It's racist to say that you only want to marry someone in your own race
Question Posted Saturday February 25 2012, 2:07 pm
Why don't people realize this? Hear me out, to get the full scope of what I'm talking about. I can tell if you responded without actually reading what I wrote. I'm genuinely interested in your response, whether it's positive or negative. I thought for some time about this.
Because it's essentially saying that even if someone was the perfect guy for you; you shared common interests, he treated you very well, you found him very attractive, etc. he wouldn't even be an option, because of his race. There's nothing racist if someone happens to only date within their race because out of the people they've met, the ones they connect the best with are within their race. But to say that you only want to date within your race is racist, even if you have friends outside of your race, because it implies that even if you happened to connect with someone very well, you wouldn't think they're good enough for marriage, for a very shallow reason. And just because you haven't met someone outside of your race that you could really connect with doesn't mean that it could never happen.
It's racist to want to stay within your race to "make sure your kids look almost exactly like you" as it is to want to date outside of your race, to "make sure your kids look different from you". they're both just as racist, and superficial. People like this shouldn't even have kids, to pass on such stupid beliefs. If you love your daughter's blonde hair and blue eyes more than you love her personality, or the fact that she's your daughter and shares half your DNA, you have issues.
The whole "preserving bloodlines" thing is complete bull, too. There's no such thing as a "pure" race, as it's been scientifically proven that race doesn't even exist at all; it's just a social concept. It's a faulty social concept, because when you trace people's DNA, it spreads across various continents. And if people truly believed in the "one drop rule" then everyone in the world would be considered black, as humans are originally from Africa. we have different skin colors because of the different amounts of melanin in our skin; a very insignificant part of our DNA as a whole. racism was just created to give white males more power; that's it. for example, it was easy to justify enslaving blacks when you saw them as less than human, as someone of another "race". By the way, by saying this, I'm not saying that I have a grudge on all whites, or whatever. Nor am I saying that all whites were like that back then. I'm just saying historical truths.
It really boggles my mind why race is still an issue in society, especially American society.
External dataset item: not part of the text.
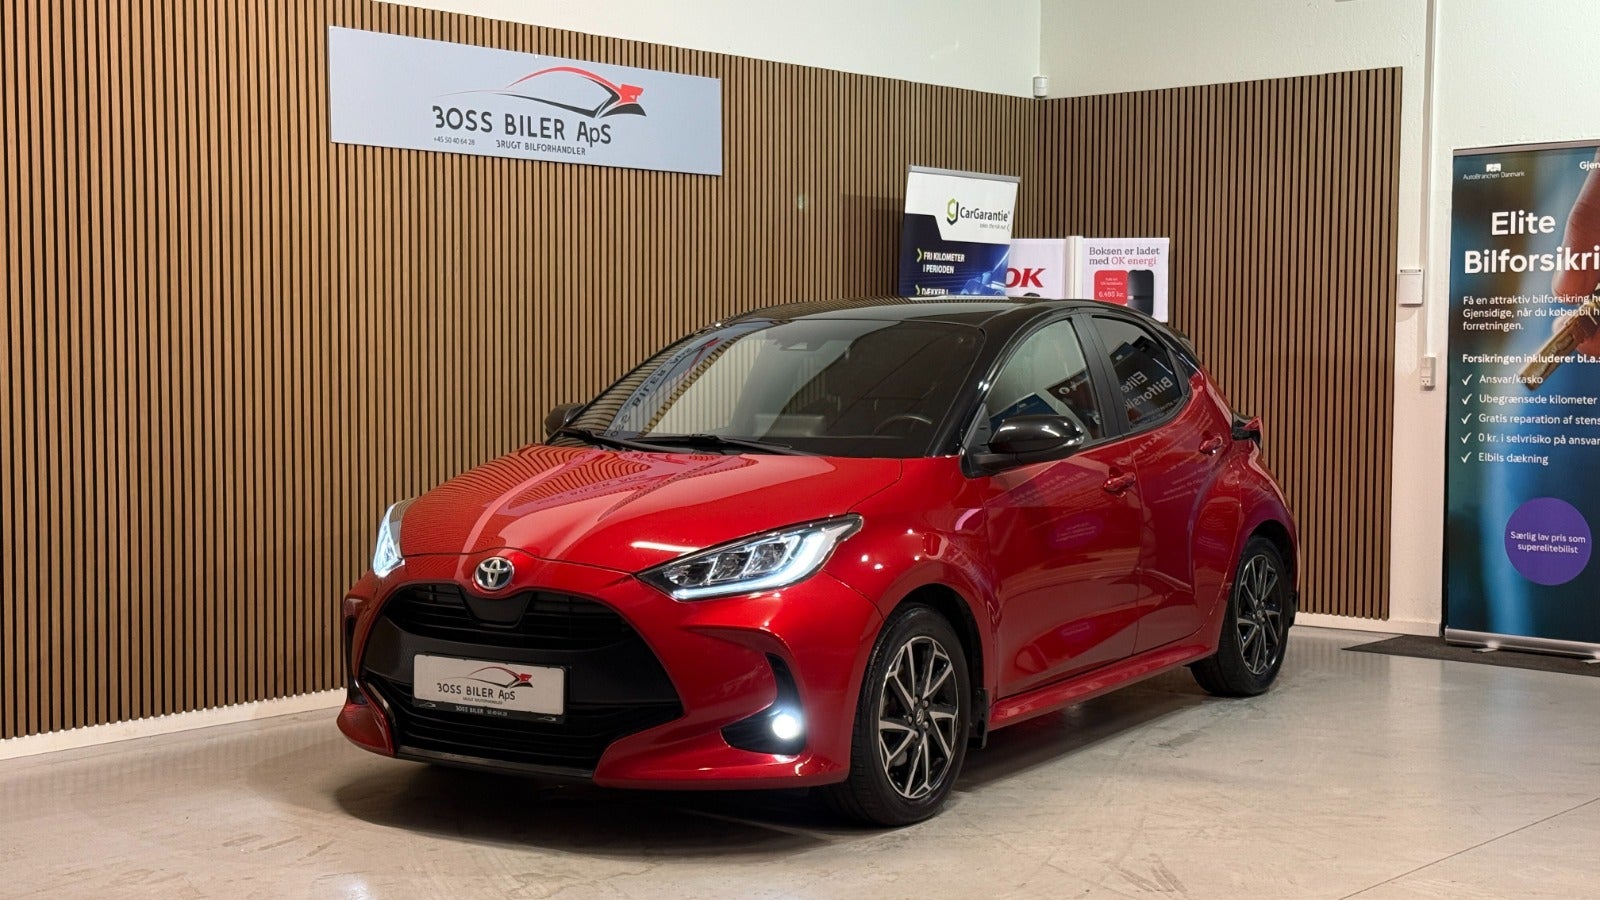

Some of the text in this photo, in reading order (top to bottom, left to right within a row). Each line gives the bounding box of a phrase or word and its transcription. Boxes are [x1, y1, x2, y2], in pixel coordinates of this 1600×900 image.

I understand why someone might be wary to date someone out of their culture, but race and culture are not always synonymous. Also, it's hypocritical for someone to use that to try and justify not dating outside of their race, and yet they may date a white person from Sweden, even though they are from Brazil, or they may date a black person from the Caribbean, even though they are from Australia. You may have grew up together in school with someone of a different race, but you're more likely have more in common with someone from another continent, because you're the same skin color! Am I the only one who sees how silly this is?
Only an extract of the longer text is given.